Identifiability of linear compartmental models: the effect of moving inputs, outputs, and leaks

A mathematical model is identifiable if its parameters can be recovered from data. Here we investigate, for linear compartmental models, whether (local, generic) identifiability is preserved when parts of the model - specifically, inputs, outputs, leaks, and edges - are moved, added, or deleted. Our results are as follows. First, for certain catenary, cycle, and mammillary models, moving or deleting the leak preserves identifiability. Next, for cycle models with up to one leak, moving inputs or outputs preserves identifiability. Thus, every cycle model with up to one leak (and at least one input and at least one output) is identifiable.

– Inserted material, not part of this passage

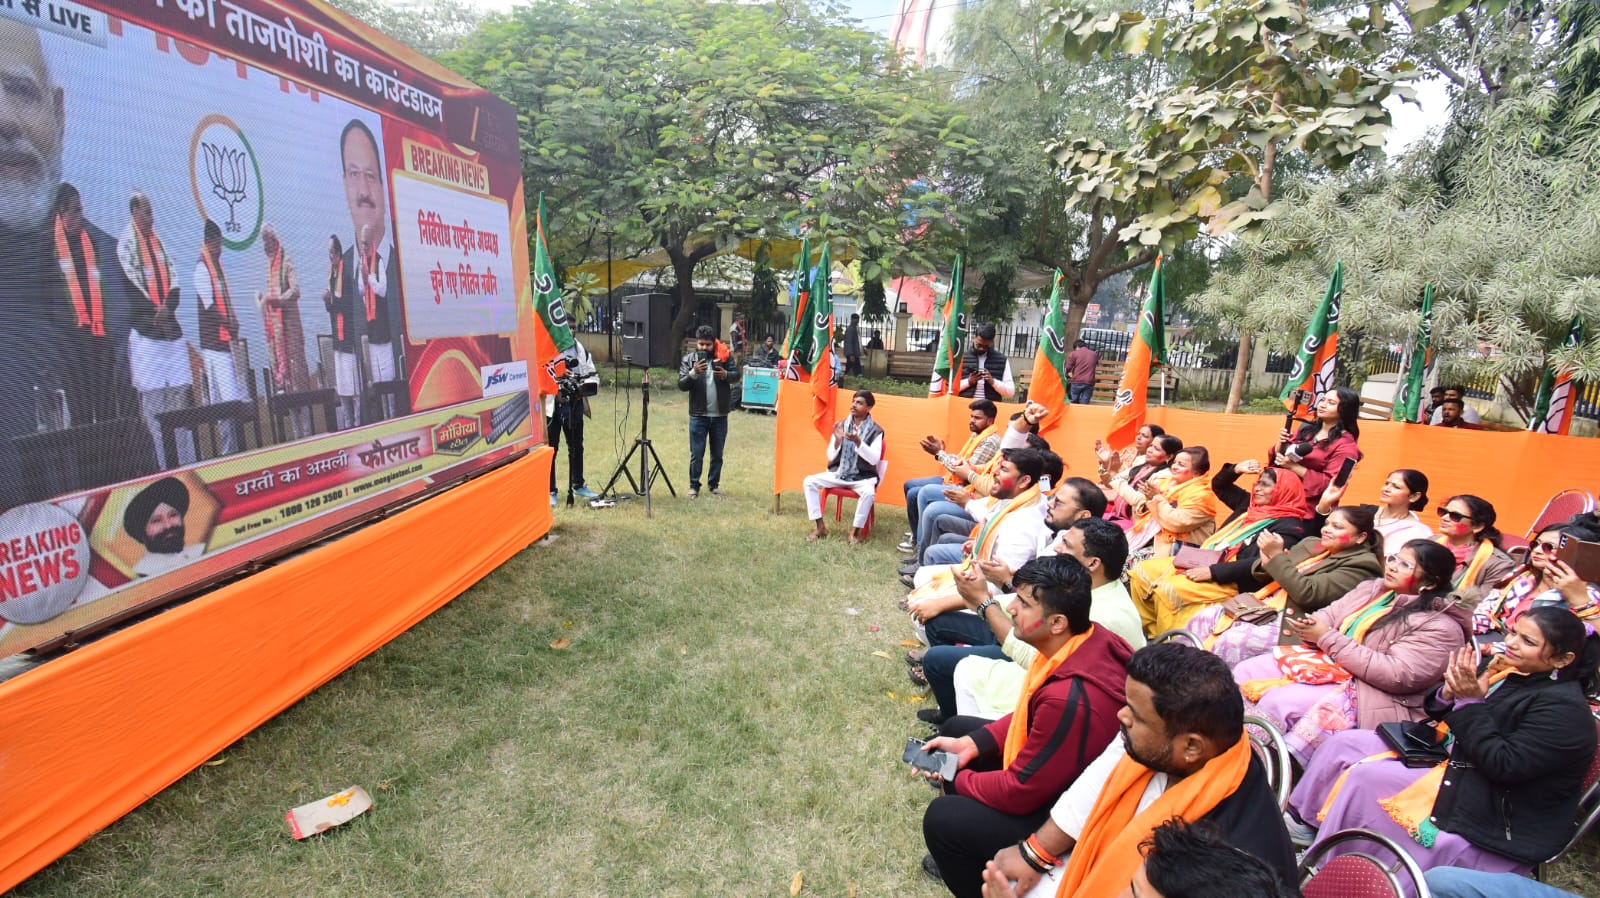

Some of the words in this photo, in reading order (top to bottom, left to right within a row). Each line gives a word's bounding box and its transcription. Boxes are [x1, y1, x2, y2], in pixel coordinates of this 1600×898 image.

Next, we give conditions under which adding leaks renders a cycle model unidentifiable. Finally, for certain cycle models with no leaks, adding specific edges again preserves identifiability. Our proofs, which are algebraic and combinatorial in nature, rely on results on elementary symmetric polynomials and the theory of input-output equations for linear compartmental models.

Automated summary

In this study, we investigate whether local and generic identifiability is preserved in linear compartmental models when parts of the model, such as inputs, outputs, leaks, and edges, are moved, added, or deleted. Our findings show that for certain catenary, cycle, and mammillary models, moving or deleting the leak preserves identifiability. Additionally, for cycle models with up to one leak, moving inputs or outputs also preserves identifiability.